Seek Government assistance through funding and/or tax credits to help support families in childhood cancer and to review their abilities to handle the financial stresses of being in cancer with a child. (Parking, accommodations, food, transportation, etc) Often parents cannot work while a child is in cancer treatment.
 
Provide more funding for Oncology Physicians and Support staff for wages, training and education , especially to the Children’s Hospitals and research centres so that they can be better staffed and have the most latest technology and research education available to them. 
 
Co-ordinate with the hospital networks to help better improve systems of sharing data and information on a City, Province, Country and Global scale.
 
Funding for follow up care and research of data for the survival of patients at markers 5,10,20,30 years from first diagnosis as survival rates increase in some cancers.
 
Financial support to The Children's Hospital of Eastern Ontario and The Hospital for Sick Children’s Research Programs for ETMR Tumours.

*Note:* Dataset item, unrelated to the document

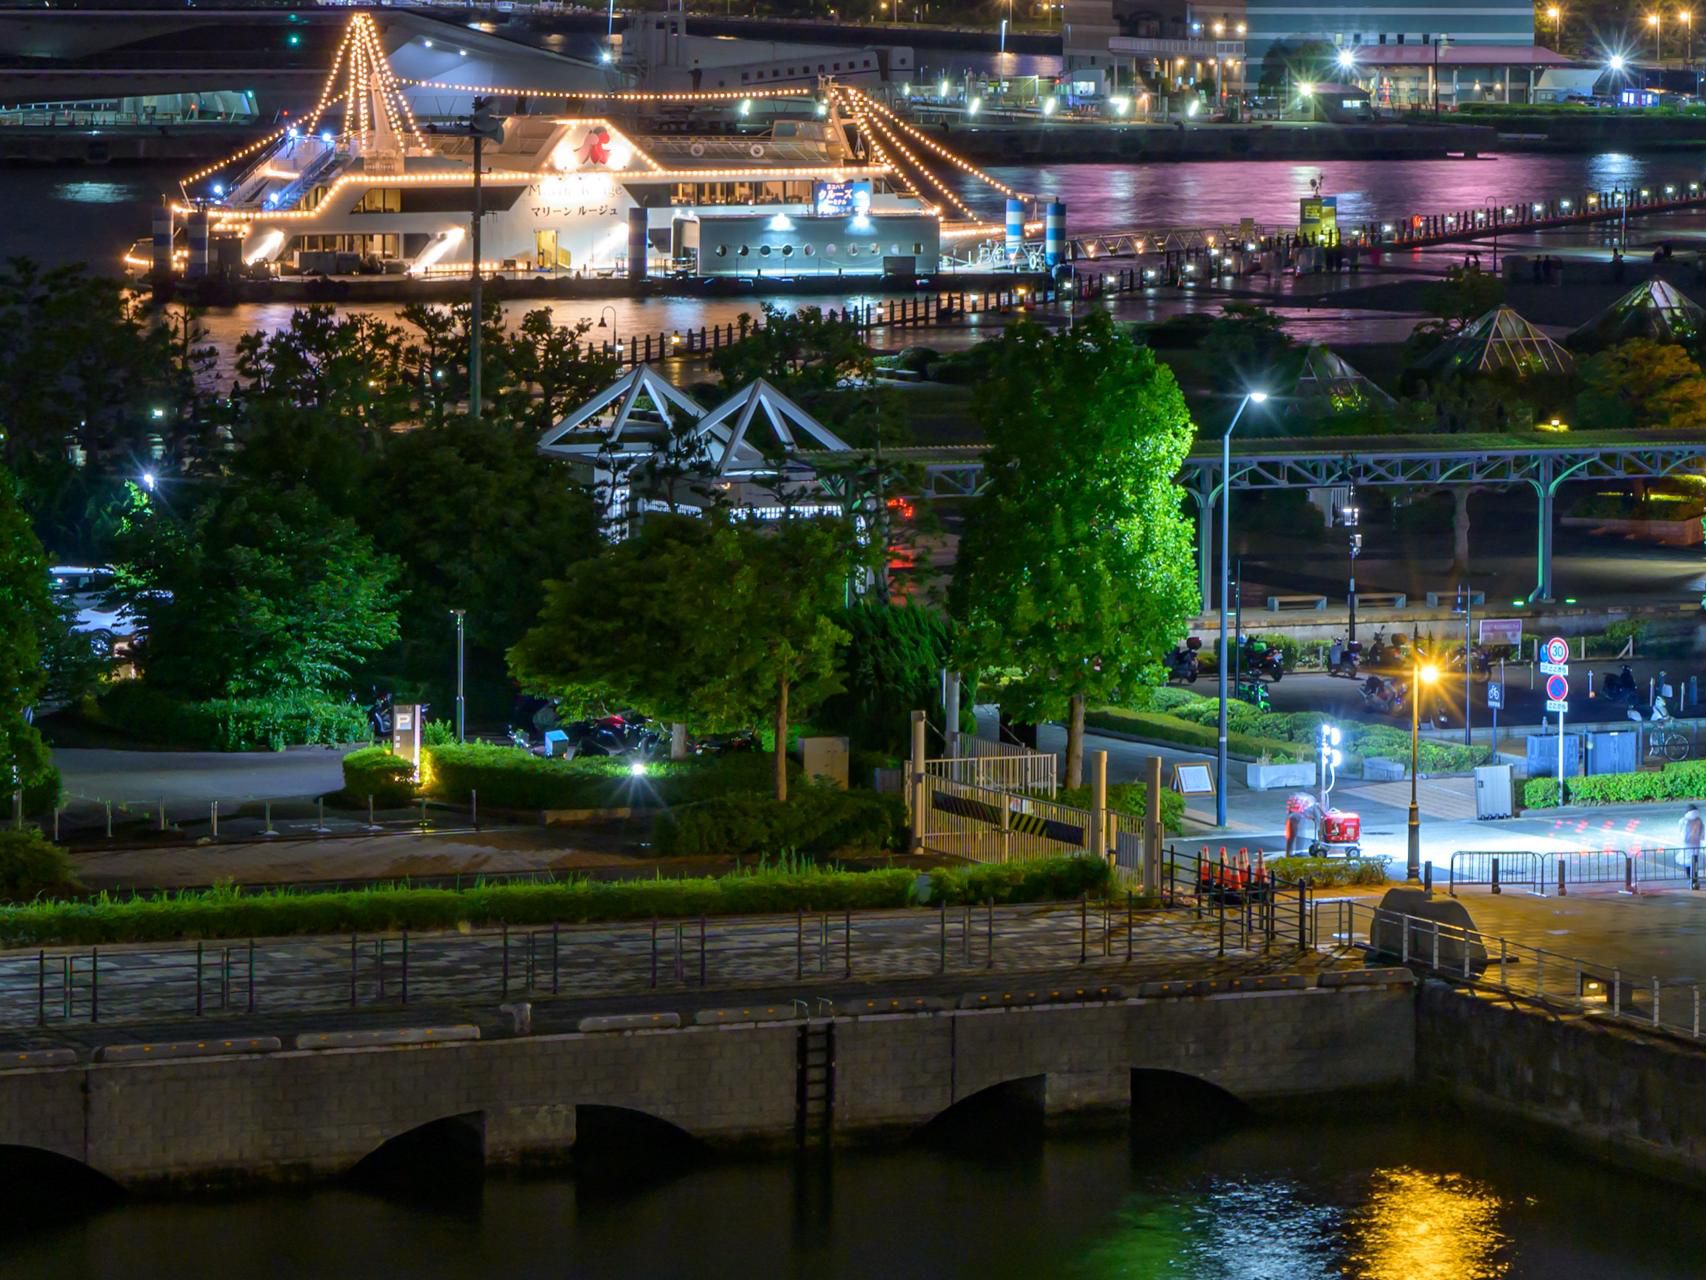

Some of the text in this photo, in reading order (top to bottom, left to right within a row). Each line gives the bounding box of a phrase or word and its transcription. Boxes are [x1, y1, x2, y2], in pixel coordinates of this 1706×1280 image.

(Dr Donna Johnston and Dr Annie Haung)
 
Create events and programs to work hand in hand with the CHEO team on 4North so that patients/parents will be provided with an environment of support and care from other Oncology families and volunteers.
 
Promote awareness with Neurology team and Neuro Oncology teams in Ottawa/Toronto. (ETMR) Bring awareness to the medical teams involved in brain cancer surgery/diagnosis of the ever changing dynamics of brain tumours and to aid in the identification process from Sick Children’s Hospital with future cases as per Dr. Annie Huang (Specialist ETMR Tumour: Sick Children’s Hospital) 
 
Come along side of organizations that help support families in Childhood Cancer including Candlelighters, Ronald McDonald House, POGO to help promote and fundraise for these charities and to continue to bring awareness to them.